Does G.S always produce the same matches?
Yes, because G.S produces man (proposer) - optimal matches. And man-optimal match are subset of all stable matches
GRAPHS
Terminologies
- Path - a sequence of nodes join by edges
- Simple Path - if all nodes are distinct
- Connected Graph - if for every pair of nodes, there is a path
- Cycle - Same as Simple path, but start and end at the same node
Adjacency Matrix
Graphs can be represented by a \(n x n\) adjacency matrix where n is number of nodes. if there is an edge between two nodes, there is a 1 on the matrix. otherwise 0.
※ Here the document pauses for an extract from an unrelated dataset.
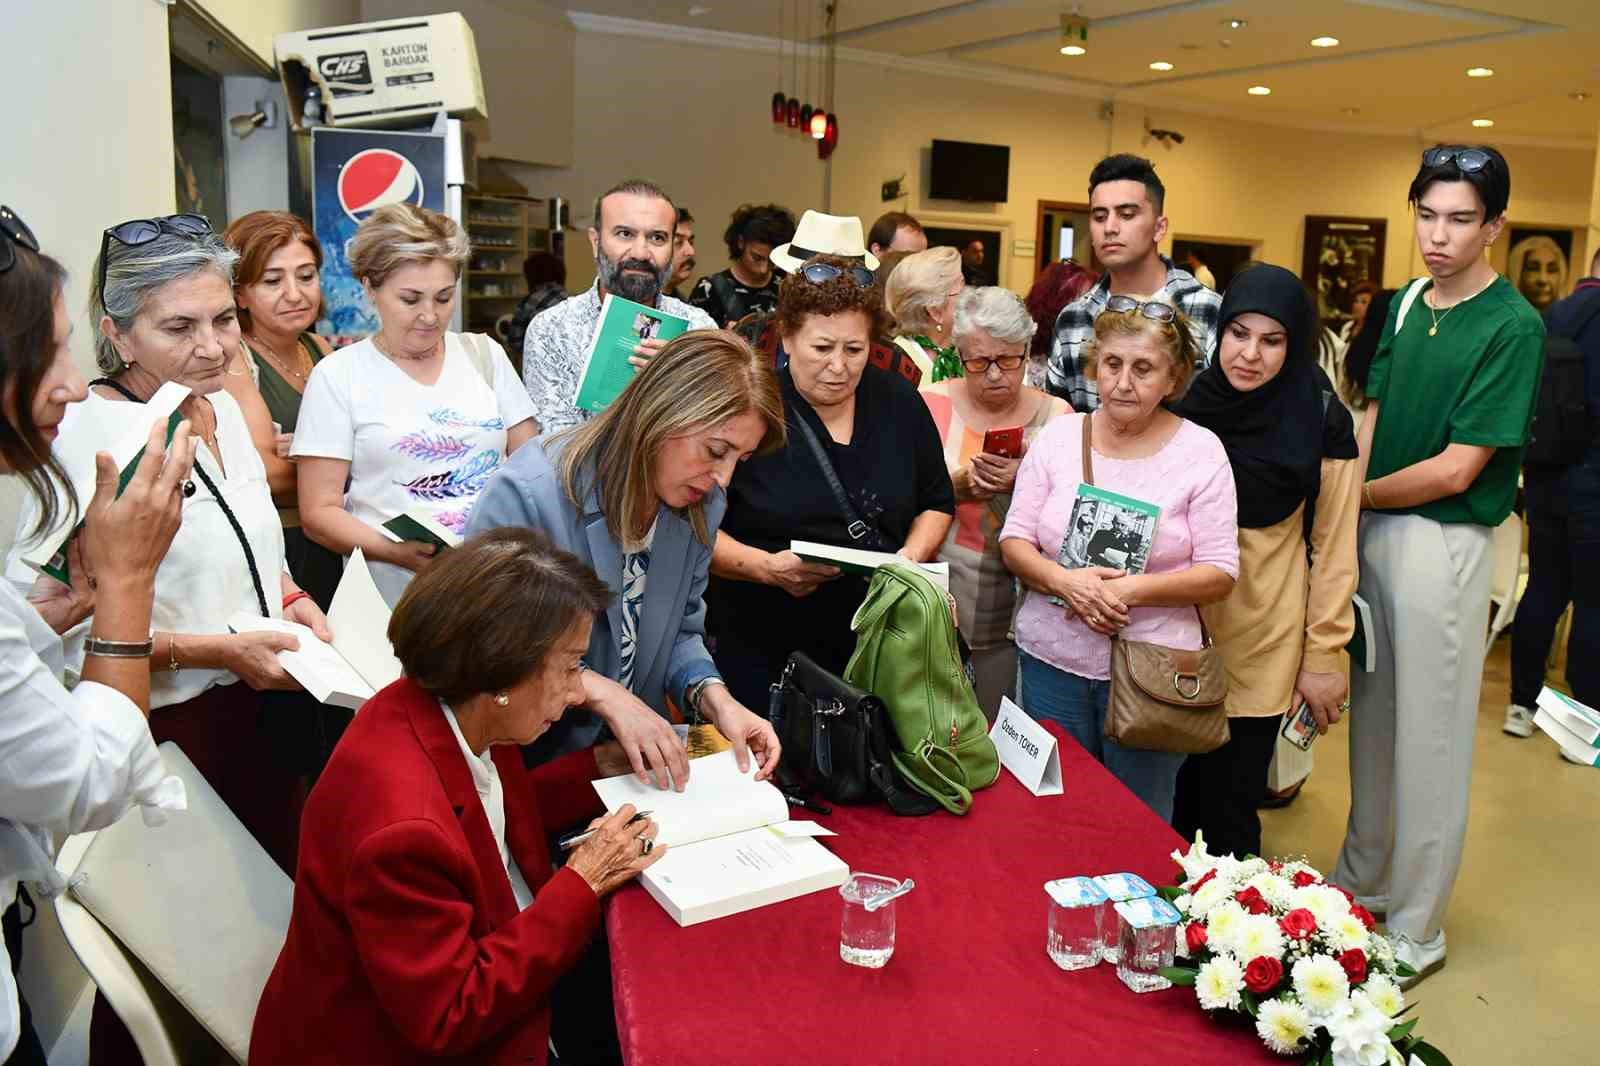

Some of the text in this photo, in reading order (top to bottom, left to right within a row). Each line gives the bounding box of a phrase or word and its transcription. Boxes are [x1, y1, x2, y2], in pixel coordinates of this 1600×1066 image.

[382, 43, 428, 56] KARTON
[384, 55, 430, 68] BARDAK
[1001, 718, 1039, 760] Özden TOKER
so it takes \(O(n^2)\) space
Adjacency List
This is another way to represent a graph. It has a better way to find neighbors of each node. there is a n size list. each item in the list is a linked list of the neighbors that node has. so, each item is an edge to its neighbour.
Space is \(theta(m+n)\) where m is number of edges, and n is number of nodes
say there are 3 nodes, and there are edges {(a,b), (b,c), (a,c)} then the adjacency list is
node a: -> b > c
node b: -> c
node c:
Properties
AL. is good for sparse graphs, because there will be fewer linked lists. and we can approximate the space as {O(n)}
checking if there is an edge between two nodes \(u , v\) takes \(O(degree(u))\) time
Even if it is very dense, the size of the AL is at most the sum of the degrees of the nodes.
Tree Properties
If \(G)\) is a undirected graph on \(n)\) nodes, any two of the following statements imply the third.
- G is connected
- G does not contain a cycle
- G has \(n - 1\) edges
Breadth First Search
Explores from start node S. and add layers, one layer at a time.
Each layer \(n\) is neighbors of layer \(n-1\) node.
Another property of BFS tree is that if there is an edge between nodes \((x,y)\), then \(x, y\) are either one level apart, or on same level.
Theorem For each \(i\), \(L_i\) consists of all nodes at exactly \(i\) from \(s\). and there is a path from \(s\) to \(t\) \(IFF\) \(t\) appears in some layer
Theorem BFS runs in \(O(m+n)\) time , if in adjacency list
- In Adjacency lists, there are \(m\) nodes and \(n\) edges representing the node's neighbours.
- when we consider node \(u\), there are degree(u) incident edges (u,v)
- total time processing edges is sum of of all degress = 2 * number of edges
Bipartite graph
All nodes can be colored such that each edge has a blue node on one end and white on the other.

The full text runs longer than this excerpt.